Red Flags Interviewers Listen For

  • "Just add more cores / buy a faster CPU." Reflexive hardware, ignores the critical path, fan-out, and caching. Hardware is the last lever.
  • Not knowing why -j64 ≠ 64×. Missing the critical path / Amdahl is the single biggest tell of shallow understanding.
  • Optimizing without profiling. "I'd rewrite the file I think is slow." No measurement, no critical-path awareness.
  • Quoting one build-time number.

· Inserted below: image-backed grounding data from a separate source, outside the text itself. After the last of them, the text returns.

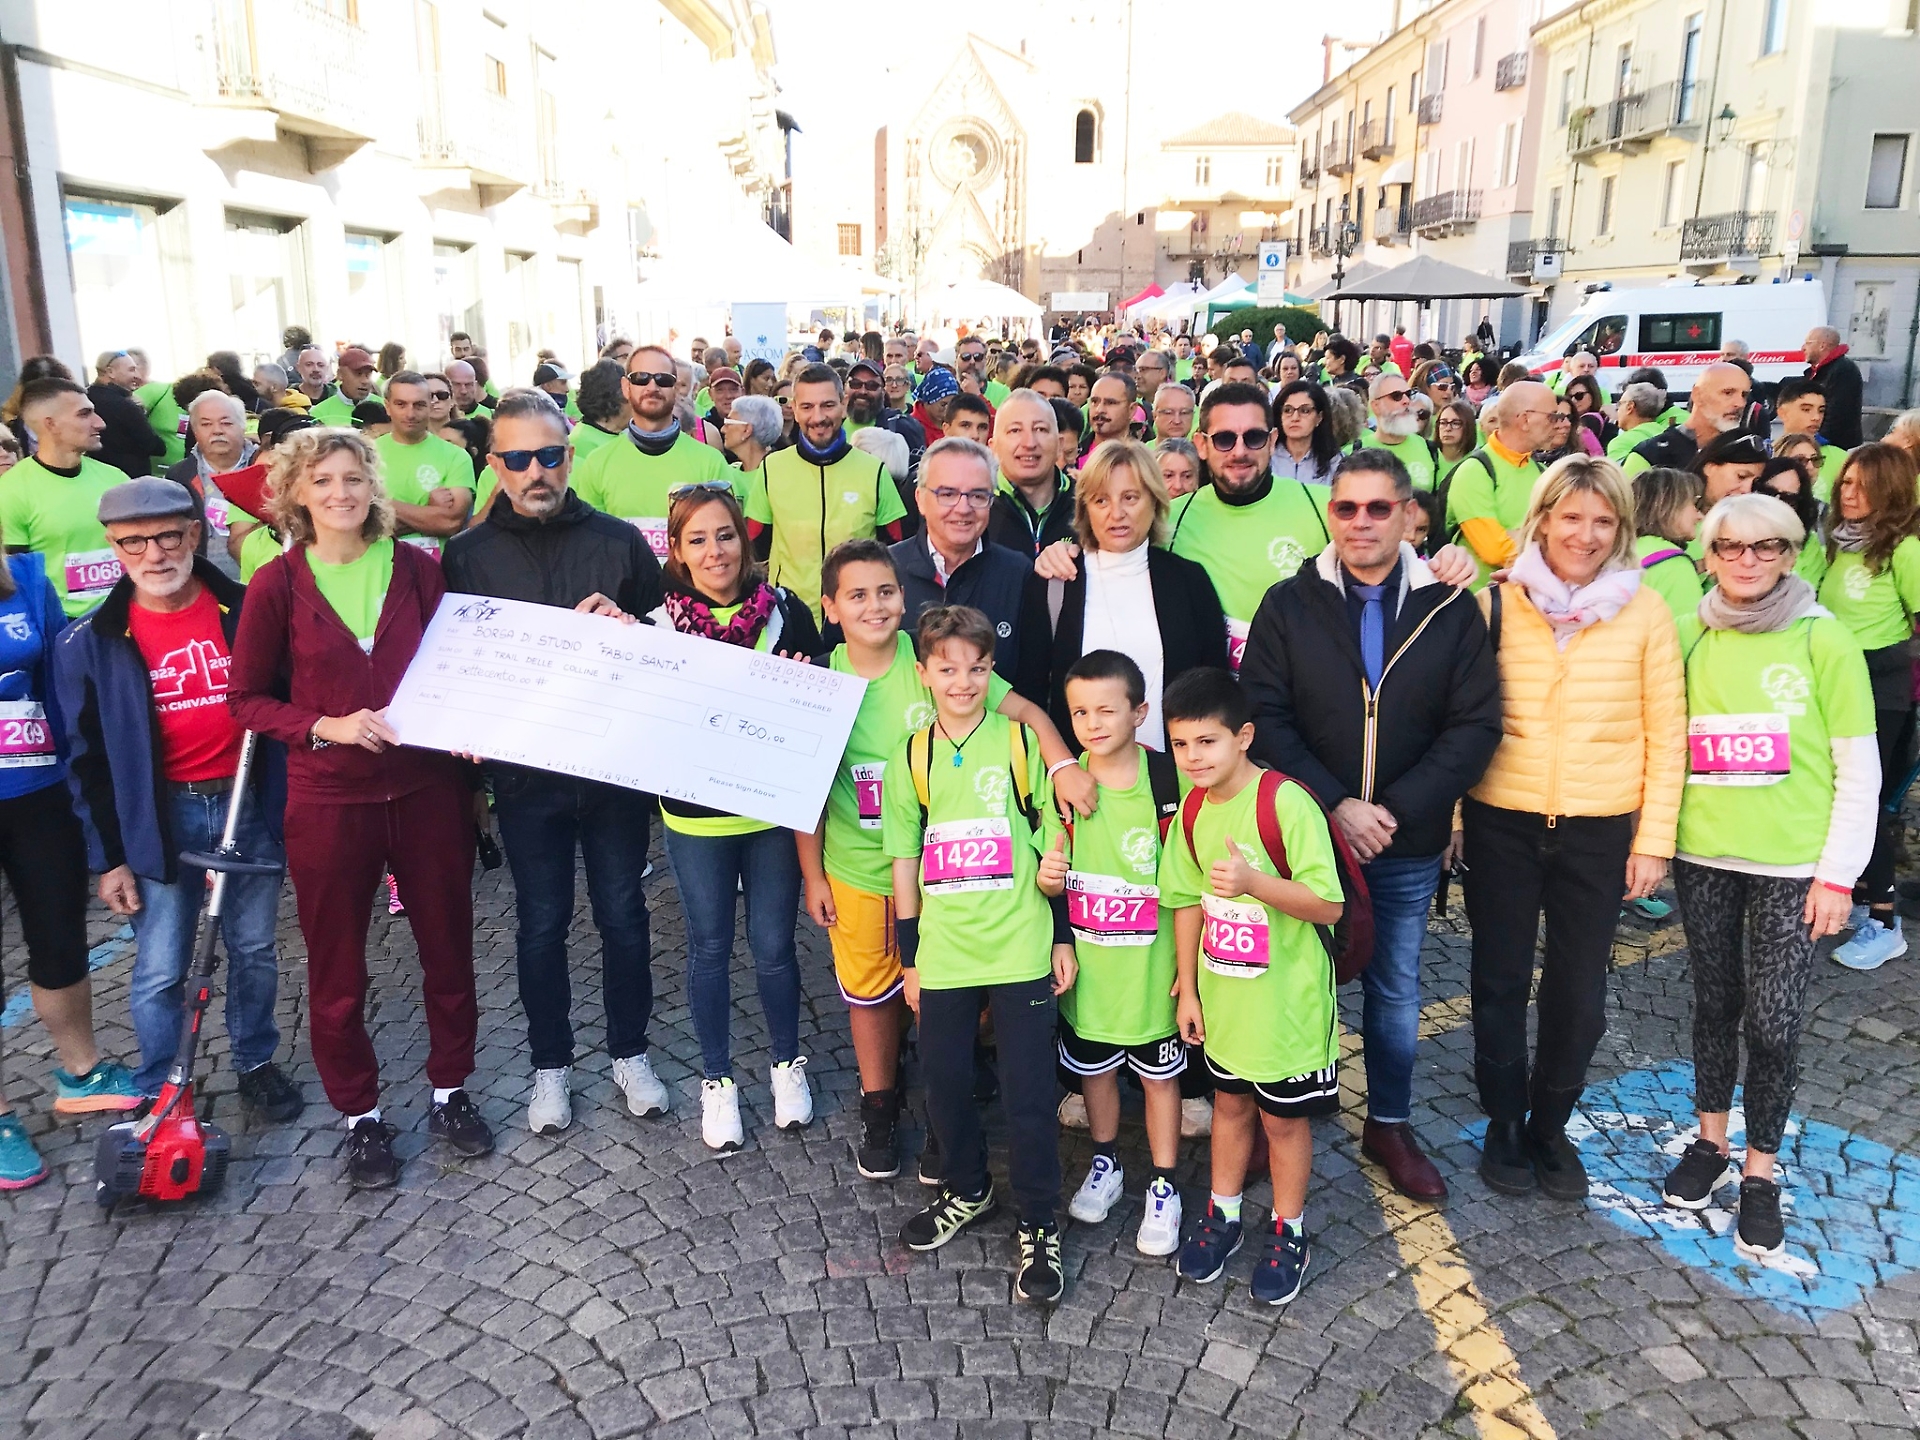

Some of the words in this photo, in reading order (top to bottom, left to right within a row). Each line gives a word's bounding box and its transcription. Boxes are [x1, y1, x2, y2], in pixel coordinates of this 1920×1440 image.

[744, 348, 783, 361] ASCOM
[1640, 354, 1676, 366] Croce
[76, 562, 122, 583] 1068
[472, 625, 515, 640] BORSA
[520, 632, 532, 643] DI
[537, 635, 582, 651] STUDIO
[150, 666, 177, 681] 922
[494, 650, 518, 662] TRAIL
[525, 656, 553, 668] DELLE
[563, 663, 599, 677] COLLINE
[802, 701, 833, 714] BEARER
[709, 714, 723, 728] €
[1700, 736, 1775, 762] 1493
[708, 776, 733, 788] Please
[735, 783, 752, 794] Sign
[753, 787, 777, 799] Above
[934, 840, 999, 871] 1422
[1067, 874, 1084, 891] tdc
[1078, 894, 1146, 923] 1427
[1209, 920, 1255, 954] 426
[1157, 1038, 1179, 1064] 86
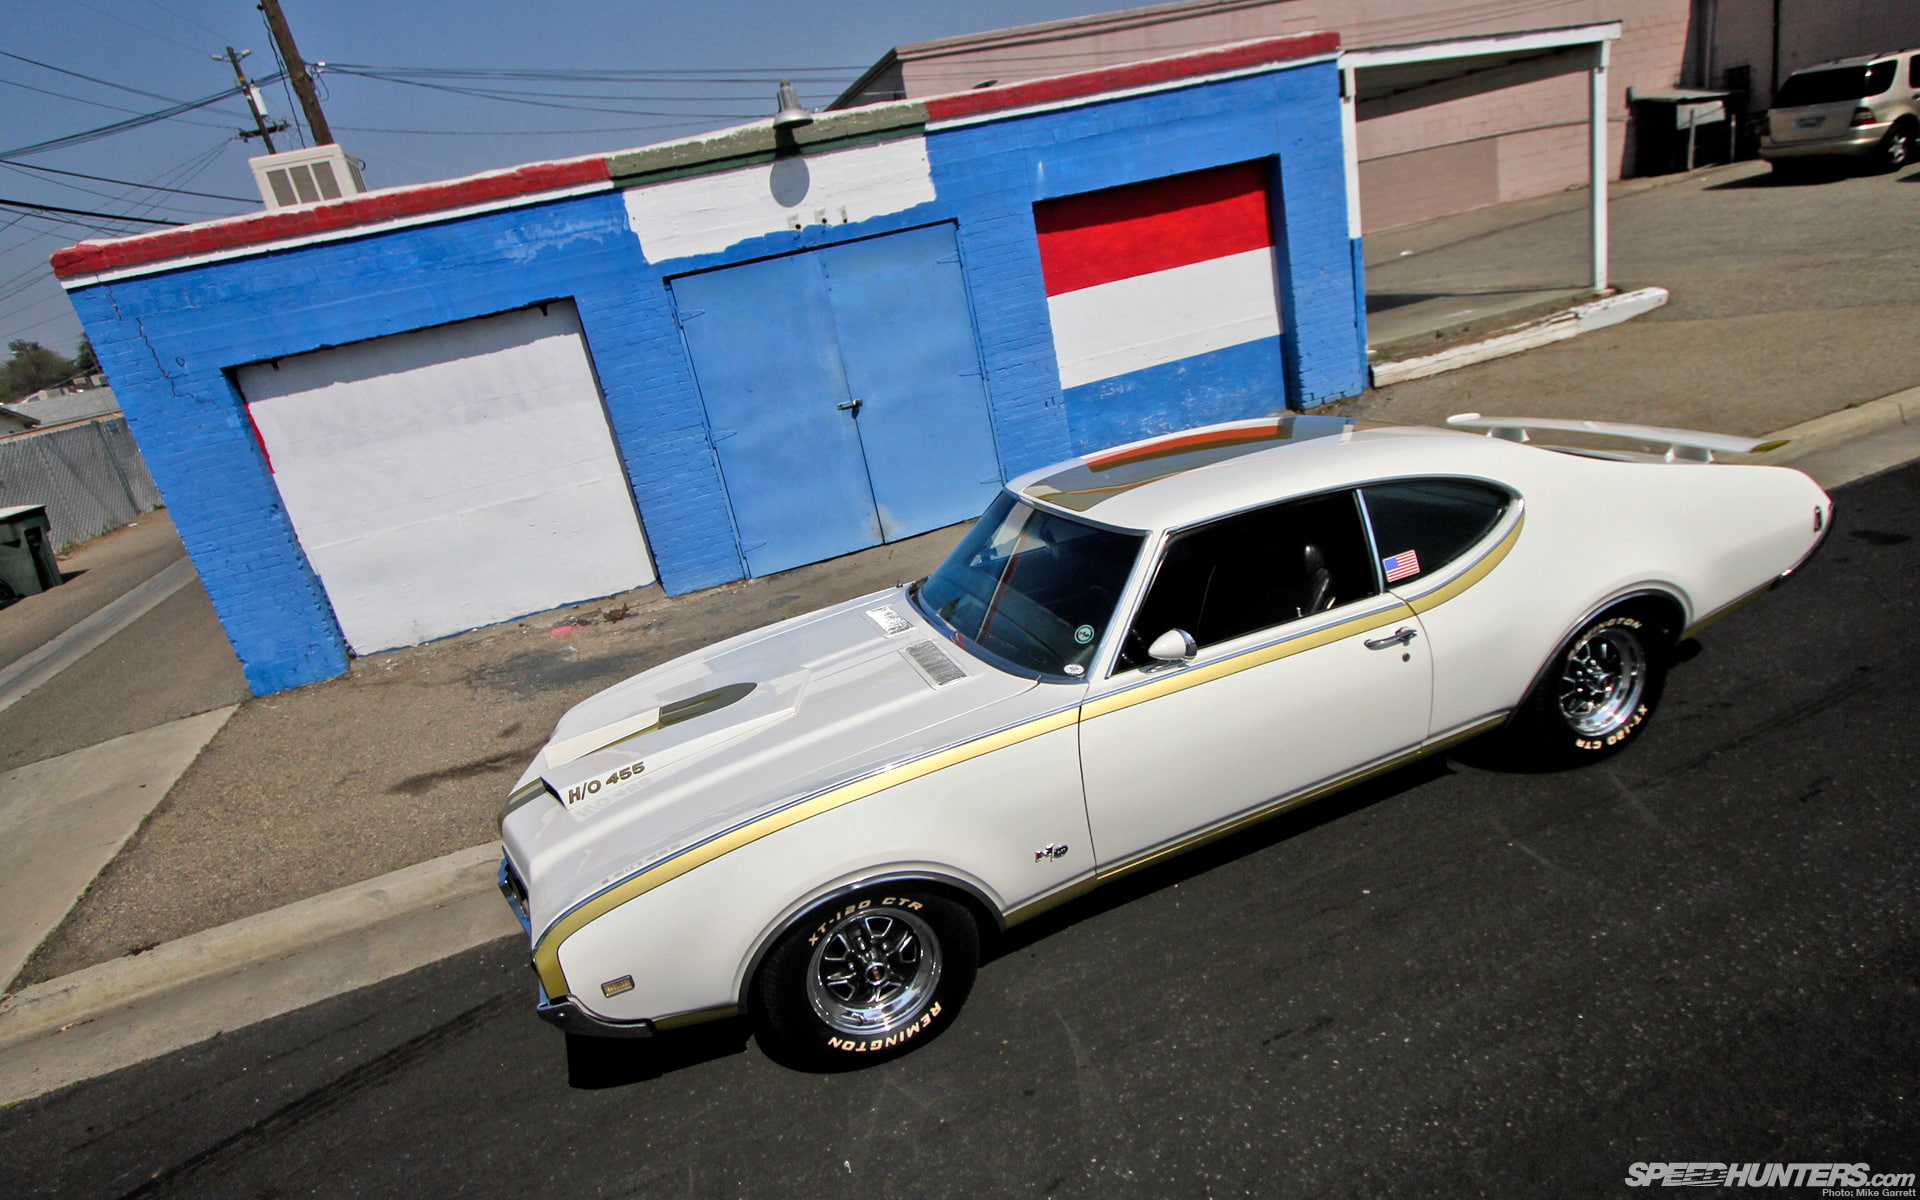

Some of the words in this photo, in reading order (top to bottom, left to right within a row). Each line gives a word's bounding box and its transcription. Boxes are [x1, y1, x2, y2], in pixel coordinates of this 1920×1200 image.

[1575, 739, 1603, 750] CTR
[568, 779, 602, 805] H/O
[605, 761, 646, 785] 455
[808, 900, 872, 947] XT-120
[881, 897, 924, 911] CTR
[827, 1001, 943, 1052] REMINGTON
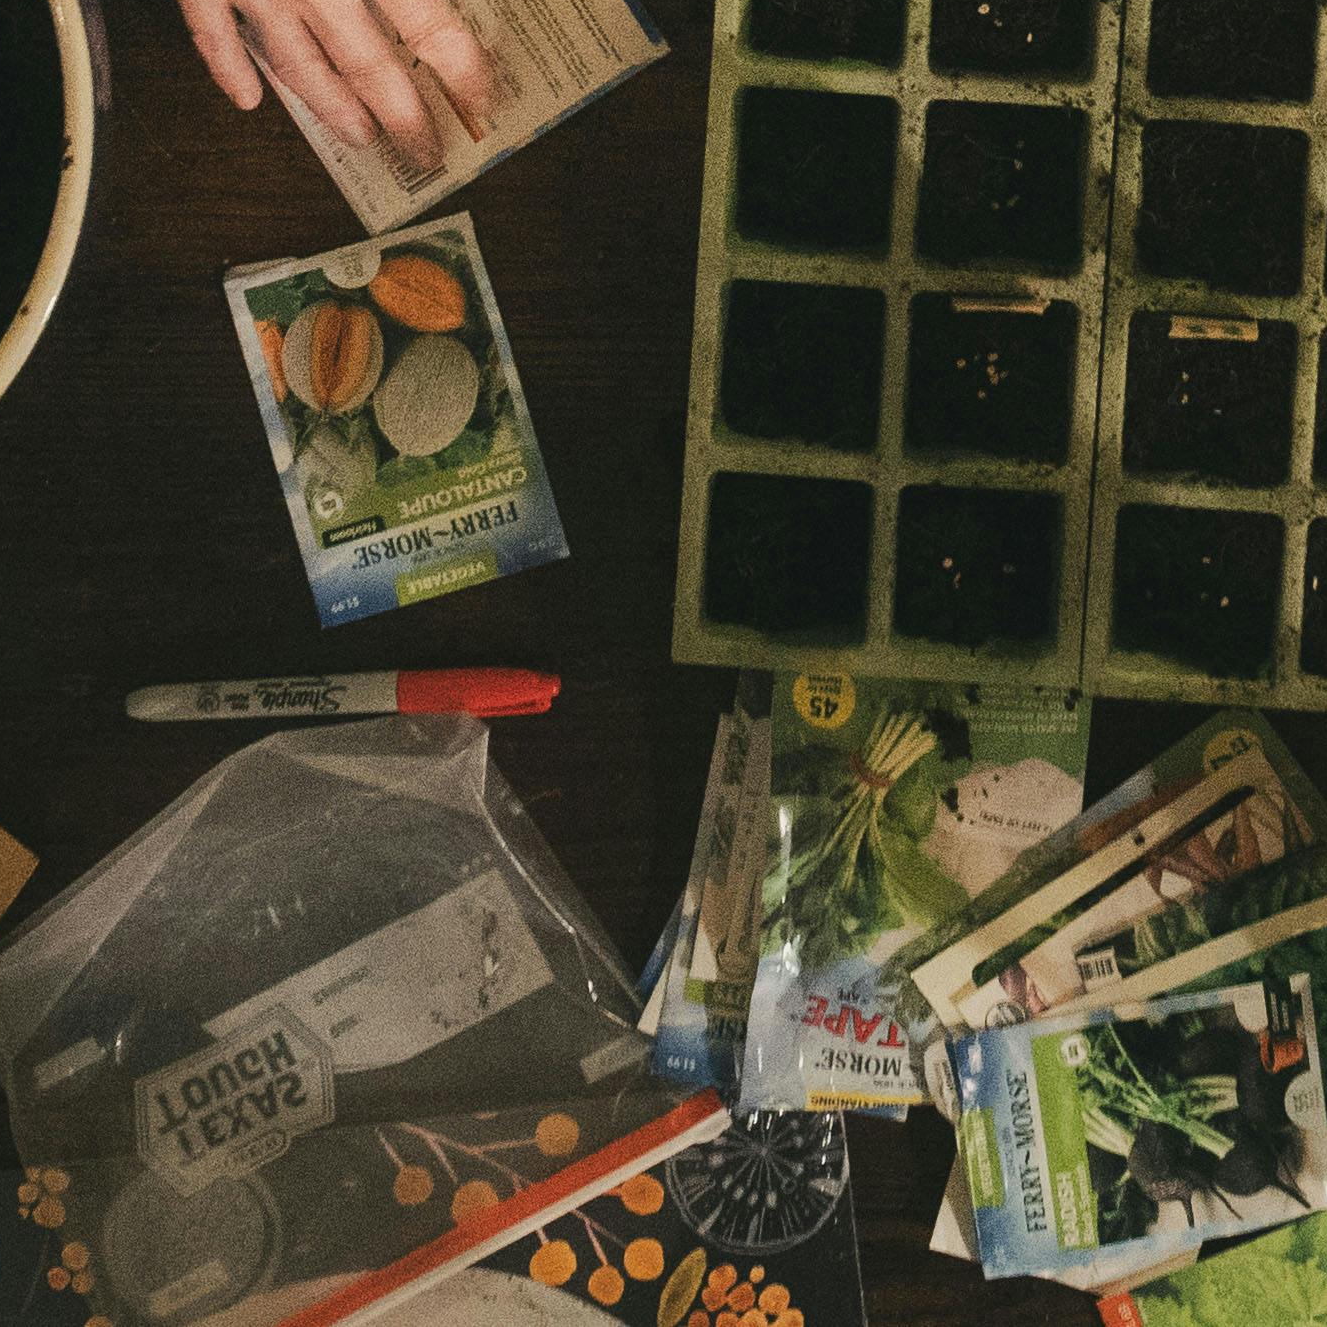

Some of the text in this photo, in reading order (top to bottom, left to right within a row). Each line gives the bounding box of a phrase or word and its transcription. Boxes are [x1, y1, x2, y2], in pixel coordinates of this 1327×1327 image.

[395, 462, 529, 519] CANTALOUPE
[456, 461, 487, 480] Gold
[327, 559, 487, 614] VEGETABLE $1.99
[808, 696, 838, 720] 45
[800, 993, 906, 1048] TAPE
[819, 1047, 902, 1077] MORSE
[1055, 1171, 1082, 1247] RADISH
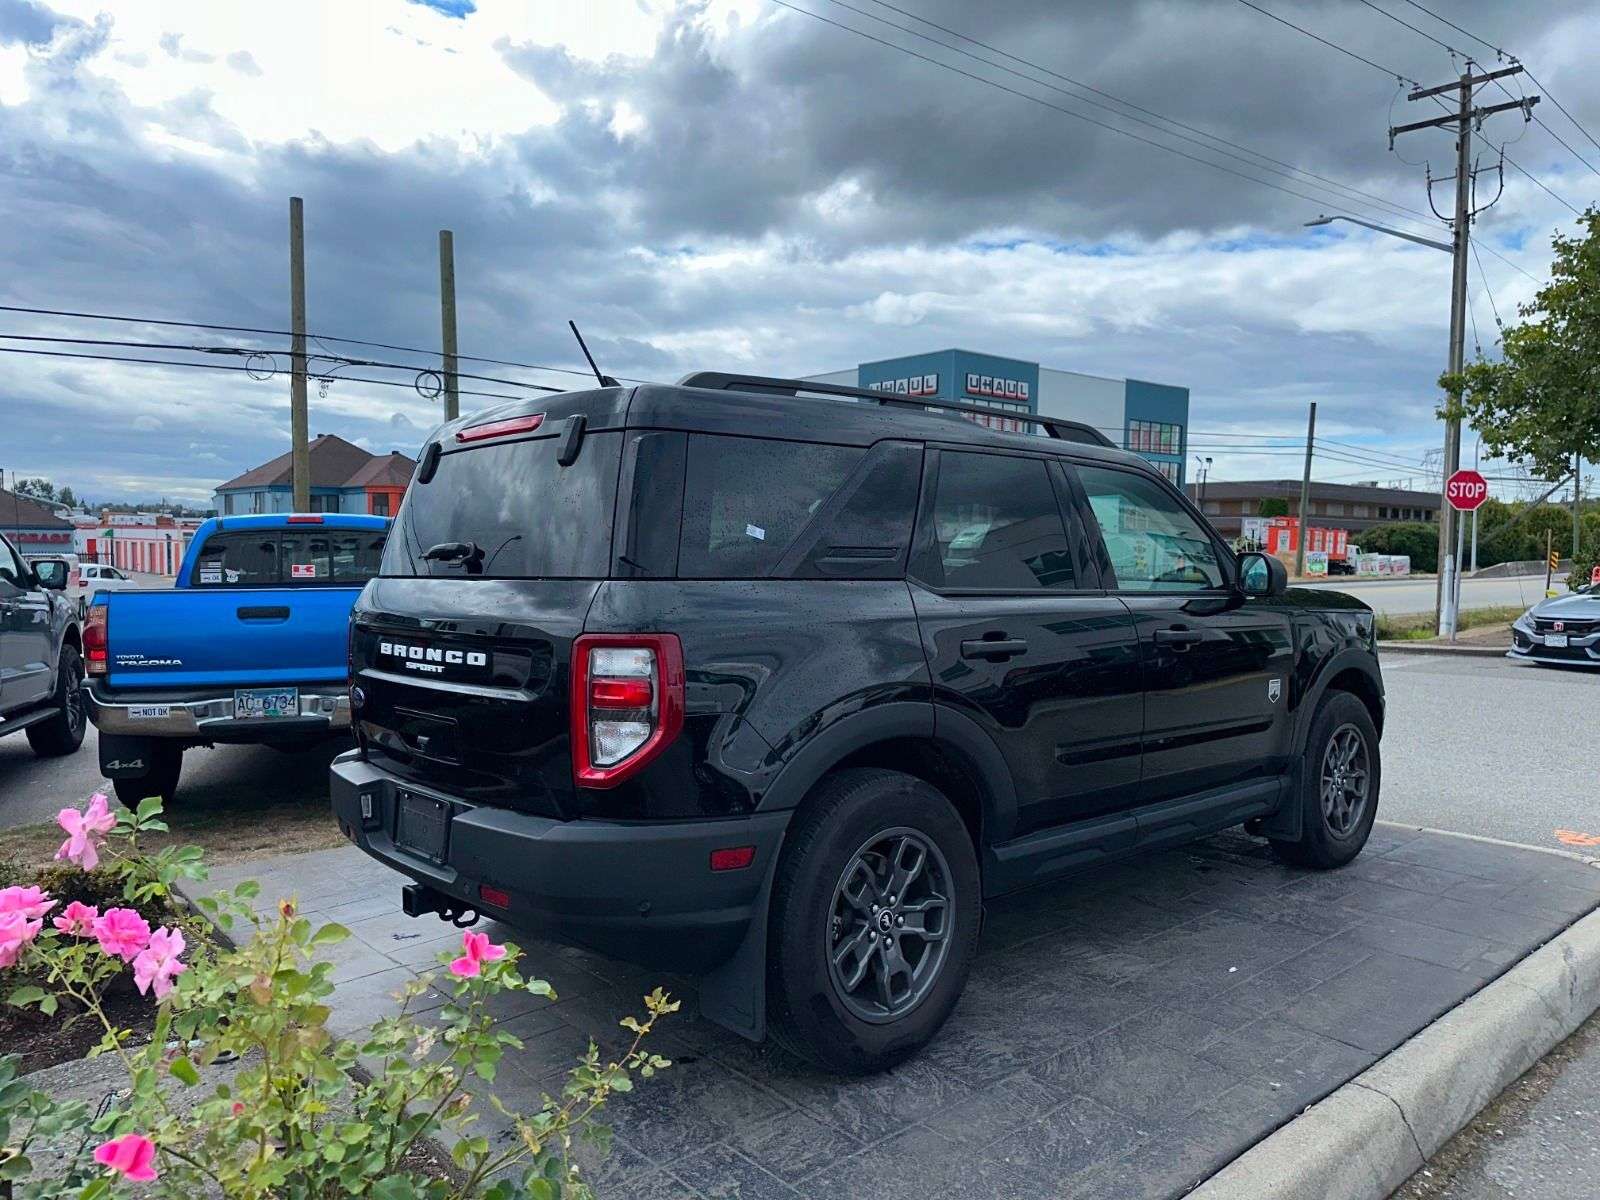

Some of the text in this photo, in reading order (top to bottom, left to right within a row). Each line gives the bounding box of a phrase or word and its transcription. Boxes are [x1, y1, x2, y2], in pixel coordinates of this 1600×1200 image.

Conflating clean and incremental; they're different problems with different fixes.
  • Thinking caching is just ccache on one machine. Missing the shared remote cache and that determinism is its precondition — the whole at-scale story.
  • Wanting RBE without hermeticity. Not knowing the prerequisite, or that the failure mode is silent wrong output, not just failures.
  • Enabling LTO to "make the build faster." Backwards — LTO trades build time for runtime.
  • No business framing. Can't turn "slow build" into recurring developer-hours and CI dollars — can't get the work funded.

Summary

  • The unifying frame to lead with: three levers (do less / parallel / don't repeat); parallelism is bounded by the critical path and Amdahl's law; profile before optimizing; at scale the dominant lever is cache hit rate, which requires determinism. Apply it to whatever question is asked.
  • The critical path is the make-or-break concept: it's why -j64 isn't 64×, why you optimize the longest dependent chain (not the biggest total), and why Amdahl caps speedup at 1/(1−p).
  • Profile before optimizing, with the real tools: -ftime-trace inside a TU, ninja/bazel timelines across files, make -d for "why did it rebuild." Find the slowest thing on the critical path, then frontend vs backend.
  • C++ cost is structural (textual includes, per-TU template instantiation): forward decls and IWYU help both build kinds; PCH/unity help clean but hurt incremental; modules are the strategic fix. The linker is serial, on the critical path, paid every build — -fuse-ld=mold is the cheapest big win; LTO is release-only.
  • At scale, cache hit rate dominates (shared remote cache, determinism as precondition), and scaling beyond one machine means distcc (cheap, C/C++) or RBE (powerful, requires hermeticity — watch for silent wrong output).
  • The economics close the deal: recurring developer-hours and CI dollars, the velocity argument, and SLOs + a regression gate so the win doesn't rot. The design scenarios all reward measure → diagnose → fix in leverage order over jumping to a fix.